BEGIN The data
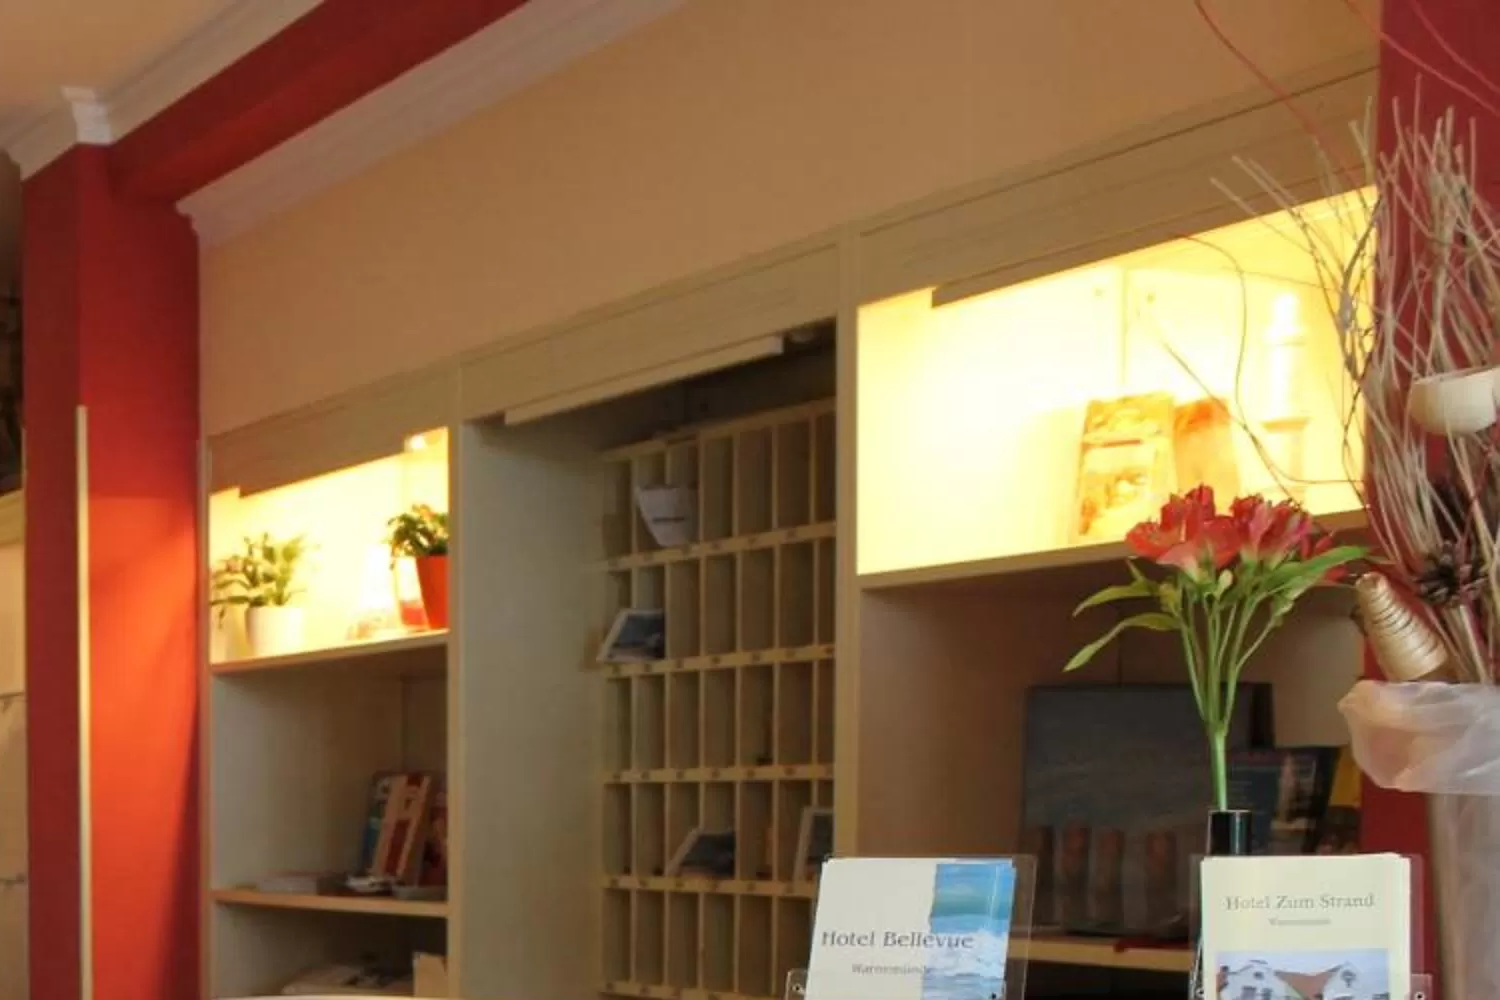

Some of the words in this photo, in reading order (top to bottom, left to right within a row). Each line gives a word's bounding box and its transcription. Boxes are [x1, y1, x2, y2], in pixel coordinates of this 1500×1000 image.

[1225, 895, 1270, 910] Hotel
[1276, 895, 1314, 909] Zum
[1319, 892, 1375, 909] Strand
[821, 930, 876, 948] Hotel
[883, 930, 975, 949] Bellevue
END The data
Your goal: Each entry above should be printed again word for word, with any picture dropped.

Reply:
Some of the words in this photo, in reading order (top to bottom, left to right within a row). Each line gives a word's bounding box and its transcription. Boxes are [x1, y1, x2, y2], in pixel coordinates of this 1500×1000 image.

[1225, 895, 1270, 910] Hotel
[1276, 895, 1314, 909] Zum
[1319, 892, 1375, 909] Strand
[821, 930, 876, 948] Hotel
[883, 930, 975, 949] Bellevue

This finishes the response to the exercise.